Social Security Disability Insurance is provided to workers who are disabled for at least 12 continuous months and who are not able to perform substantial gainful activity, which in 2017 is considered making $1170 per month. If you can work and earn this amount the SSA will consider you not disabled, regardless of the severity of your health condition.

Now you mentioned that you would like to do part-time work. If you are receiving Social Security Disability Insurance you will need to contact the SSA if you start or stop work, your work hours, pay, or duties change, or you start paying expenses related to your work because of your disability. Failure to notify the SSA when you start part-time work can jeopardize your SSDI benefits and might result in an overpayment of benefits.

Trial work period and testing your ability to do part-time work

The best option for you if you think your earnings might be more than a few hundred dollars per month is to consider utilizing the SSA’s trial work period program. Under this program you would be allowed to test your ability to work for at least 9 months without jeopardizing your right to receive benefits.

For example, in 2017, a trial work month is any month your total earnings are over $840 per month.
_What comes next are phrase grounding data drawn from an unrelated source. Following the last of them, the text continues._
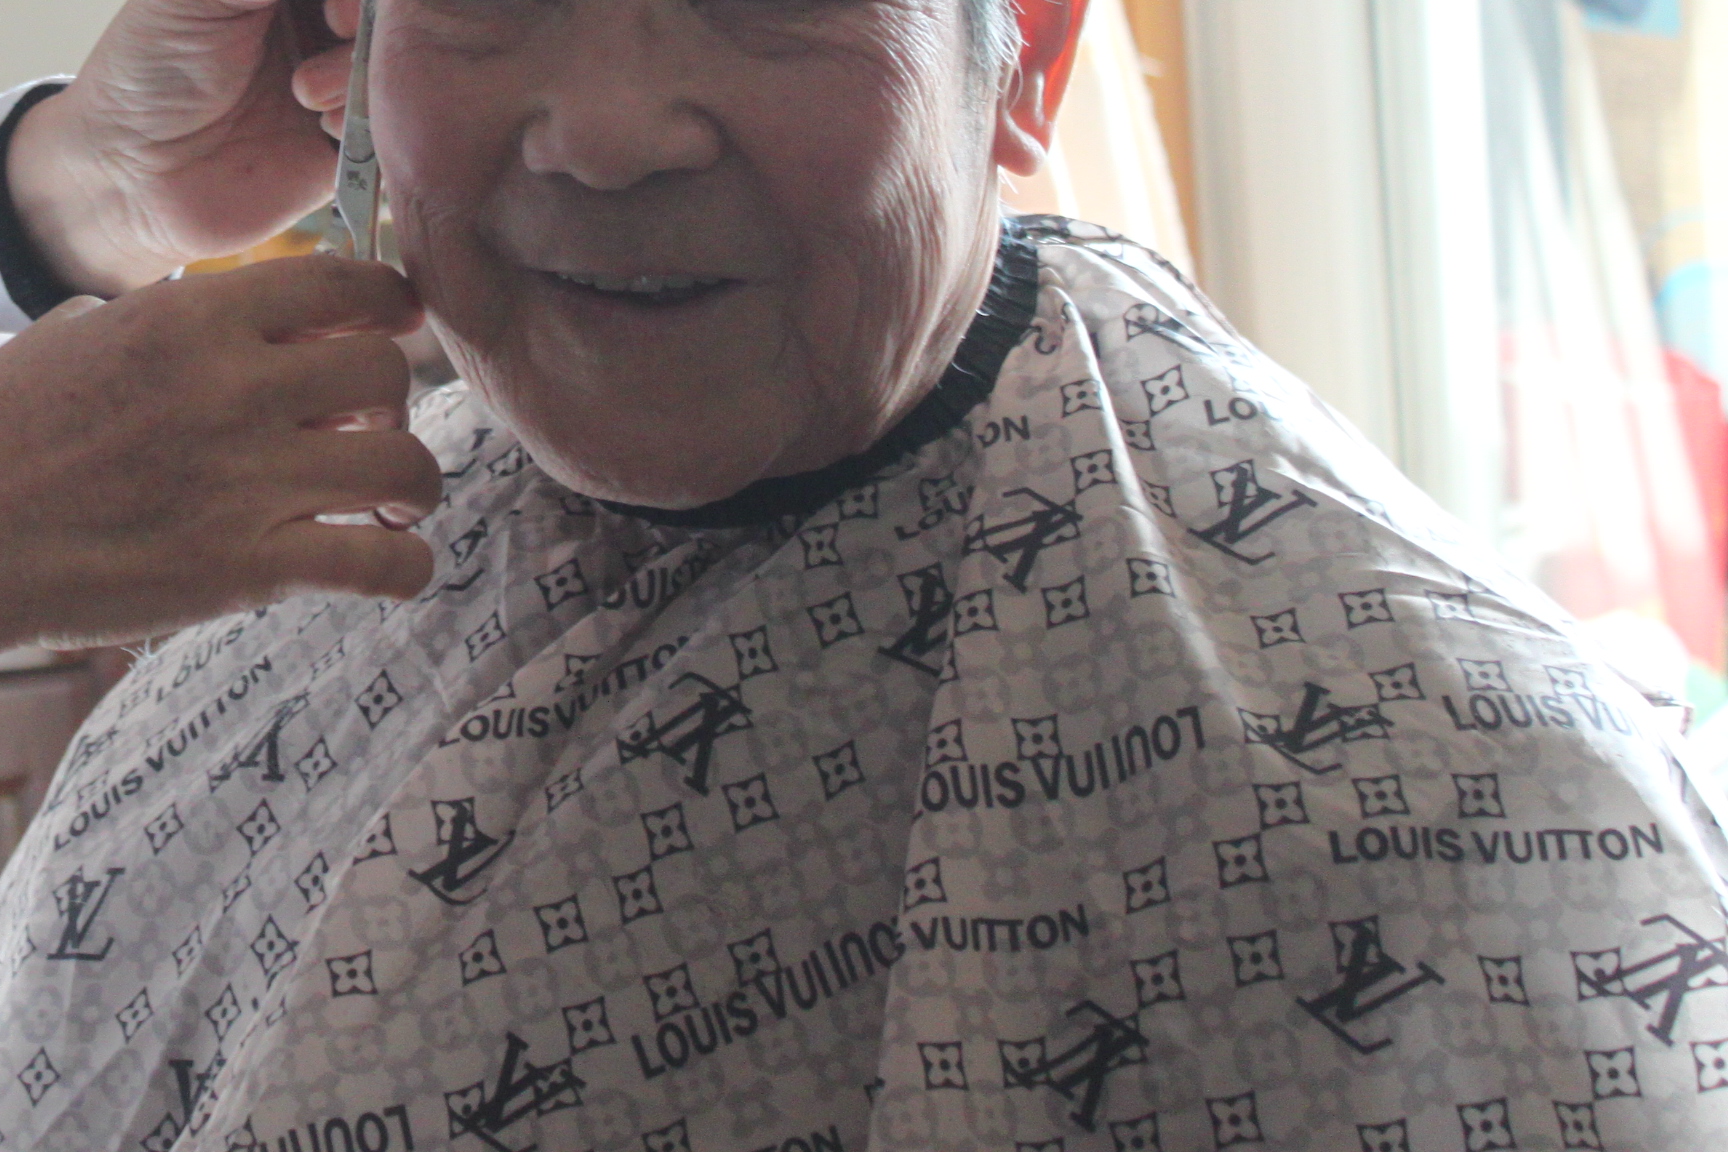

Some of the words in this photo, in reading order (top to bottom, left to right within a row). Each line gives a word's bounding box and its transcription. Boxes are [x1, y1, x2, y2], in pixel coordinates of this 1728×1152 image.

[1443, 694, 1575, 731] LOUIS
[54, 768, 143, 852] LOUIS
[1329, 827, 1464, 864] LOUIS
[1471, 823, 1664, 865] VUITTON
[910, 903, 1089, 953] VUITTON
[631, 991, 758, 1079] LOUIS
The trial work period continues until you have worked nine months within a 60-month period. After your trial work period is over you will have another 36 months in which you can continue to receive benefits, assuming your earnings are not substantial (which is making $1170 or more in a month). After this extended period of eligibility, you can lose your SSDI benefits if your income is substantial, but you will have five years to restart your benefits utilizing an expedited reinstatement.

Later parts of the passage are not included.